▶ Work to complete: Repeat every entry exactly. Do not include the pictures.

[Extracted data entries]
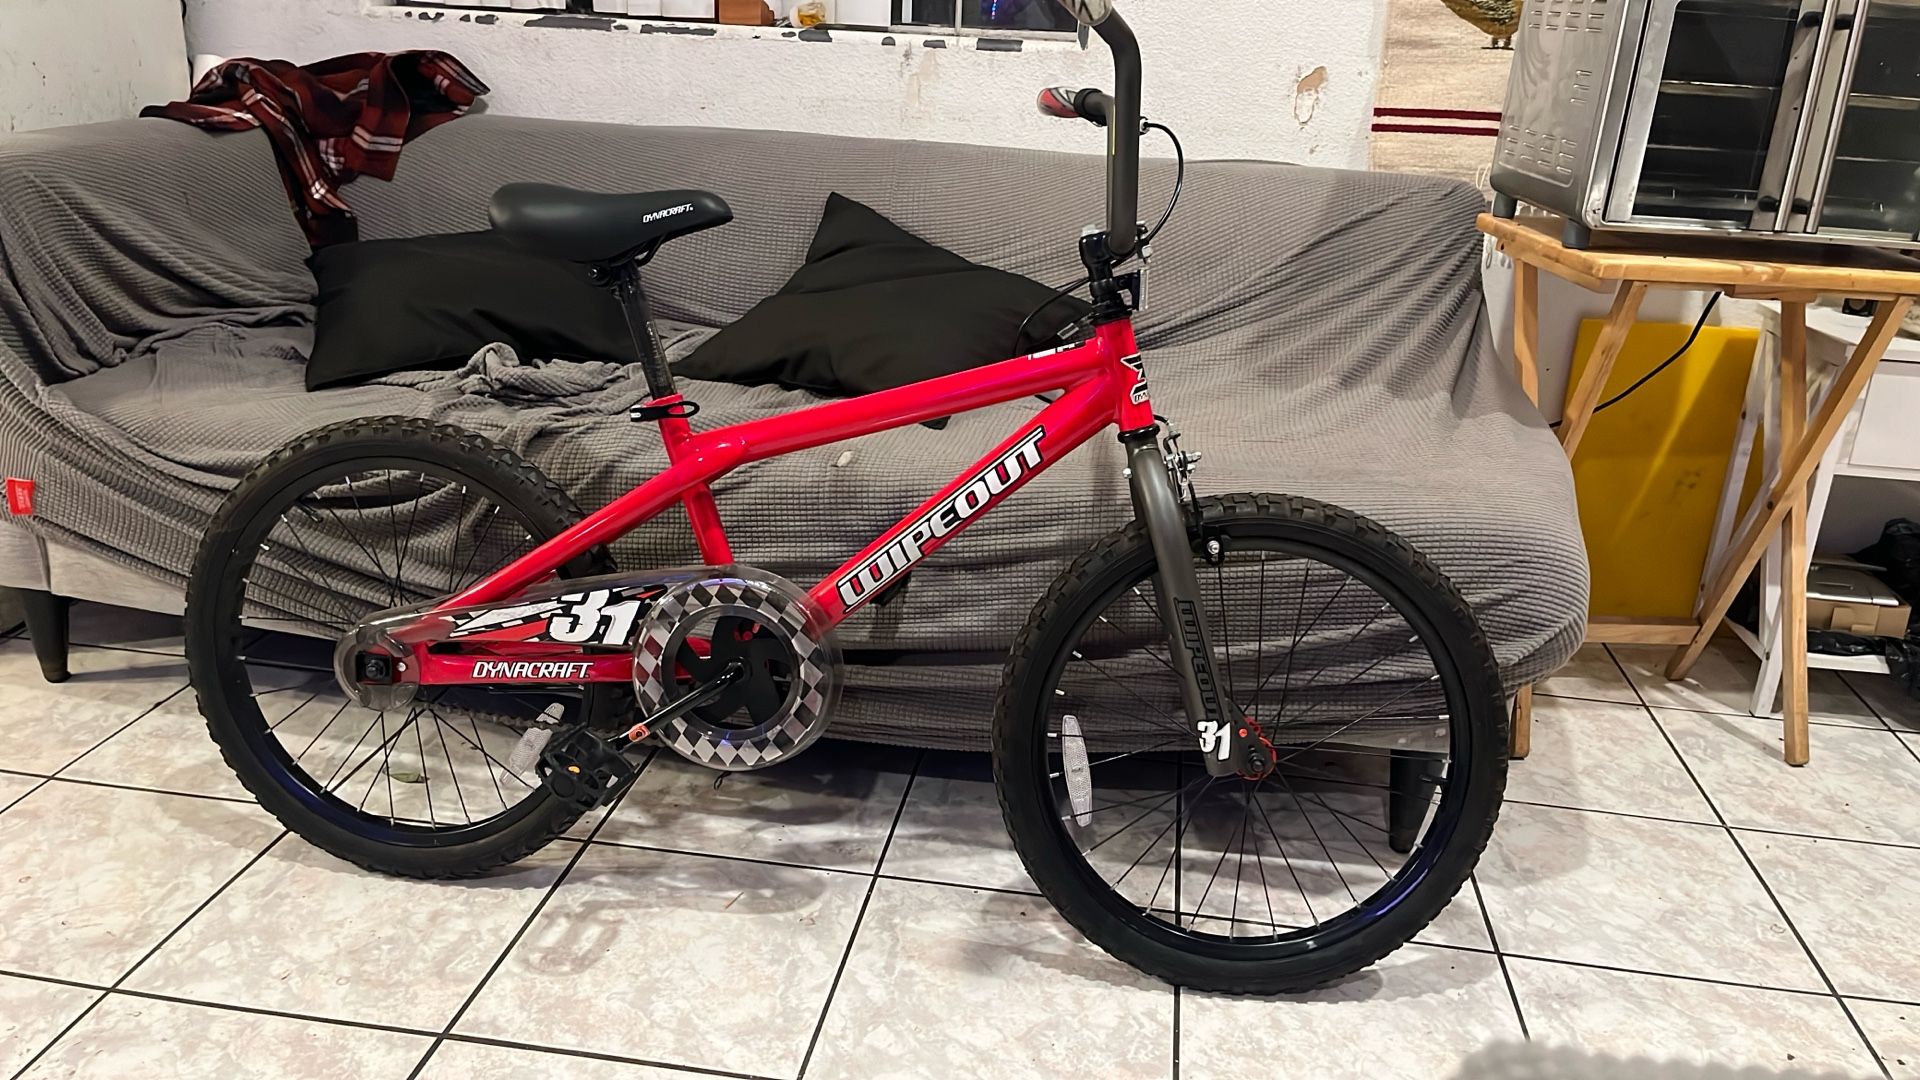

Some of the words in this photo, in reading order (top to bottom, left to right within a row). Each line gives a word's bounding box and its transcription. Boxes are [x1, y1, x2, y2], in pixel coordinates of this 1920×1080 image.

[837, 426, 1046, 613] WIPEOUT
[549, 588, 642, 645] 31
[472, 661, 594, 679] DYNACRAFT
[1197, 720, 1231, 761] 31

▶ Response box:
Some of the words in this photo, in reading order (top to bottom, left to right within a row). Each line gives a word's bounding box and its transcription. Boxes are [x1, y1, x2, y2], in pixel coordinates of this 1920×1080 image.

[837, 426, 1046, 613] WIPEOUT
[549, 588, 642, 645] 31
[472, 661, 594, 679] DYNACRAFT
[1197, 720, 1231, 761] 31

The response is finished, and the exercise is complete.